Der Mann musterte mich neugierig von oben bis unten.
"Ich bin Sirina, hallo", meinte ich kurzerhand und streckte ihm meine Hand entgegen, die er freundlich entgegennahm. "Michael."
Ich sah kurz zu meiner Mutter, die alles andere als ruhig schien.
Ich sah Panik und Sorge. Für eine Milisekunde runzelte ich meine Stirn, sah dann wieder zu dem Mann.
"Deine Mutter und ich, wir sind alte ... Freunde", erklärte er und meine Mutter schluckte nur.
Für alte Freunde schien die Situation ziemlich angespannt.
"Meine Mutter hat Sie nie erwähnt", überlegte ich und sah zu ihr rüber, doch sie schien auf Stand-By-Modus geschaltet zu haben.
"Ach, lassen wir das Sie", lächelte er und ich nickte.
Michael wirkte auf den ersten Blick normal.
Ich räusperte mich und wandte mich zu meiner Mutter.
"Ich geh jetzt, wenn es okay ist", murmelte ich und sie nickte mit einem flüchtigen Lächeln.
Irgendetwas war anders an ihr.
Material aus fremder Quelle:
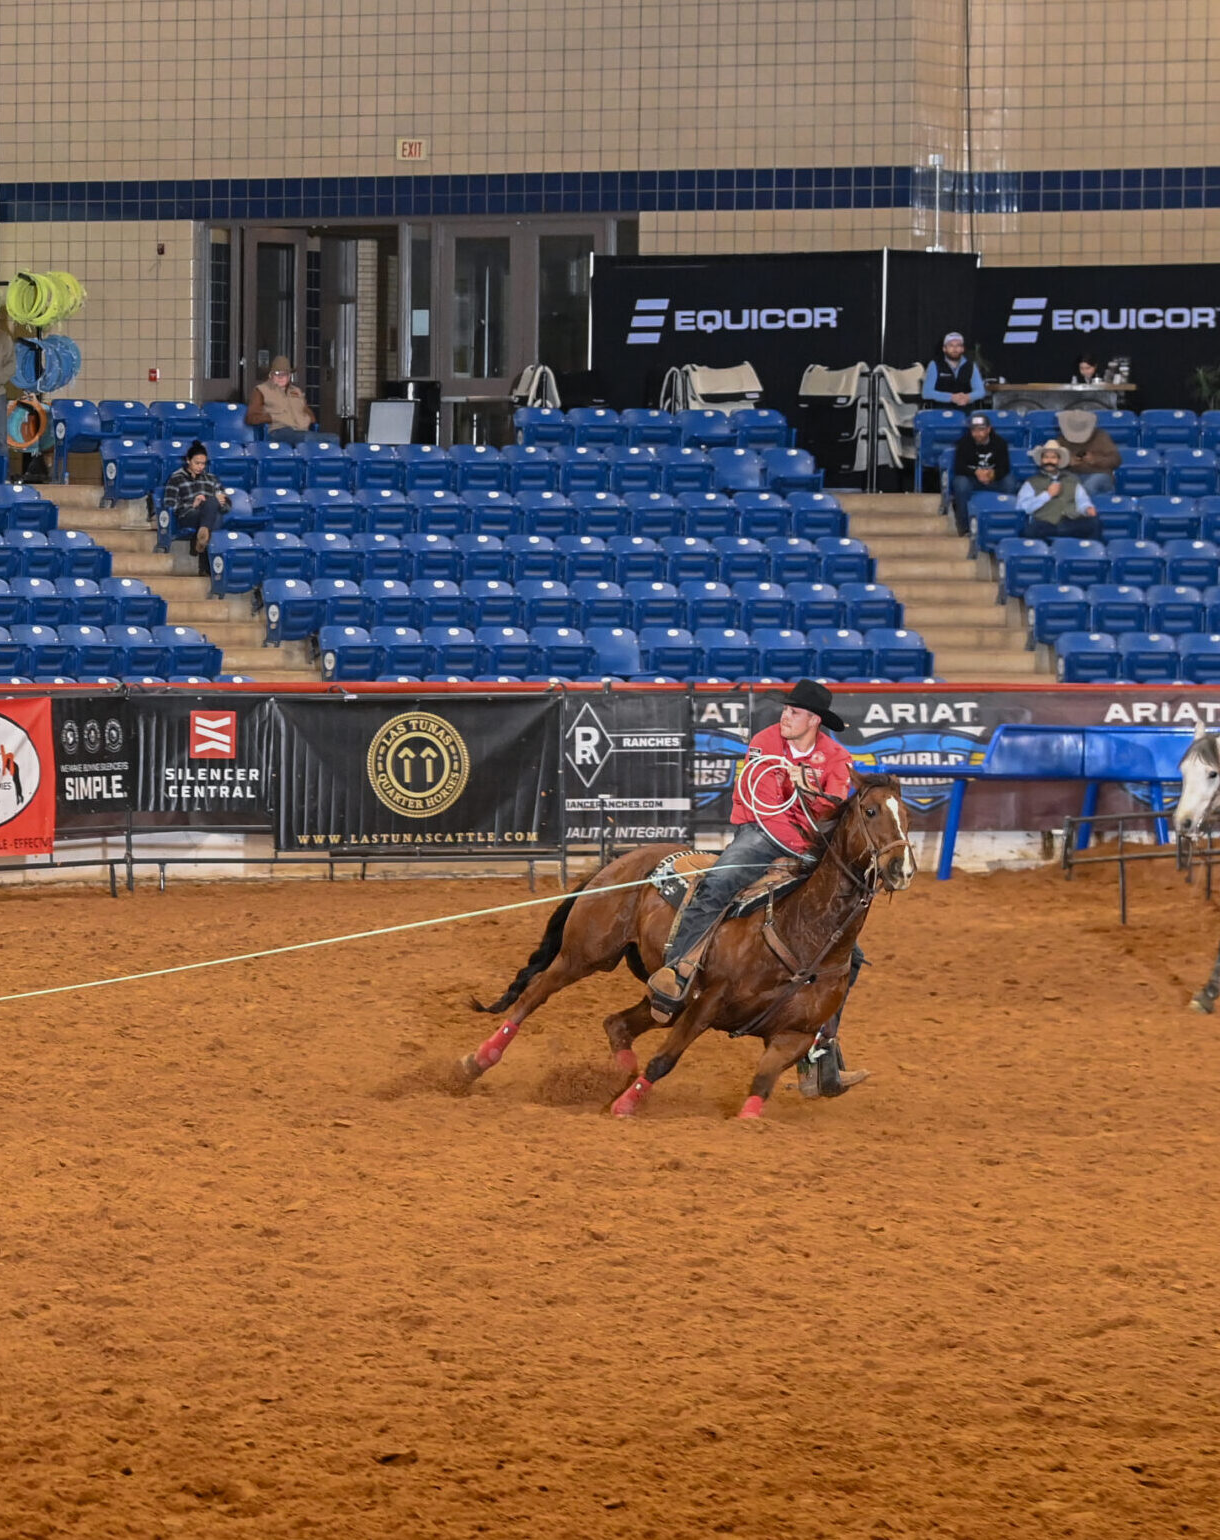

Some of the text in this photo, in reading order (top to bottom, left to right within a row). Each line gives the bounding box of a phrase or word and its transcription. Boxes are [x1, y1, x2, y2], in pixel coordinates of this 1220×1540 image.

[402, 141, 422, 158] EXIT
[675, 307, 837, 333] EQUICOR
[1052, 307, 1216, 333] EQUICOR
[864, 702, 978, 723] ARIAT
[1104, 702, 1220, 723] ARIAT
[382, 720, 453, 747] LAS TUNAS
[623, 737, 680, 748] RANCHES
[165, 768, 259, 781] SILENCER
[65, 775, 128, 800] SIMPLE.
[168, 785, 256, 798] CENTRAL
[378, 771, 460, 809] QUARTER HORSES
[297, 831, 540, 845] WWW.LASTUNASCATTLE.COM
[615, 826, 688, 839] INTEGRITY.
Die Begegnung mit Michael warf sie aus der Bahn, dabei behielt sie immer und überall die Kontrolle.
"Okay, bis dann", flüsterte ich ihr zu und richtete mich dann an den Mann.
"War schön Sie- dich kennen gelernt zu haben."
Er nickte lächelnd. "Fand ich auch."
Schnell verließ ich das Wohnzimmer und flüchtete aus der unangenehmen Situation.
Keine Ahnung, was mit meiner Mutter los war, ich kannte sie so nicht.
Offenbar schienen sie eher alte Bekanntes, anstatt Freunde zu sein.
Michael wirkte sehr nett und offen, aber hinter seinen glasklaren, blauen Augen war etwas, dass ich nicht einordnen konnte. Etwas befremdliches und doch so vertrauliches.
Ich schüttelte meine Gedanken ab. Ich wollte nicht über irgendeine Bekannschaft von meiner Mom nachdenken, ich wollte mich auf die Party konzentrieren.
Aber so weit ich den Gedanke von der Situation aus dem Wohnzimmer auch verdrängen konnte, behielt ich sie immernoch im Kopf.
Denn ich merkte, dass das Thema noch lange nicht abgeschlossen war.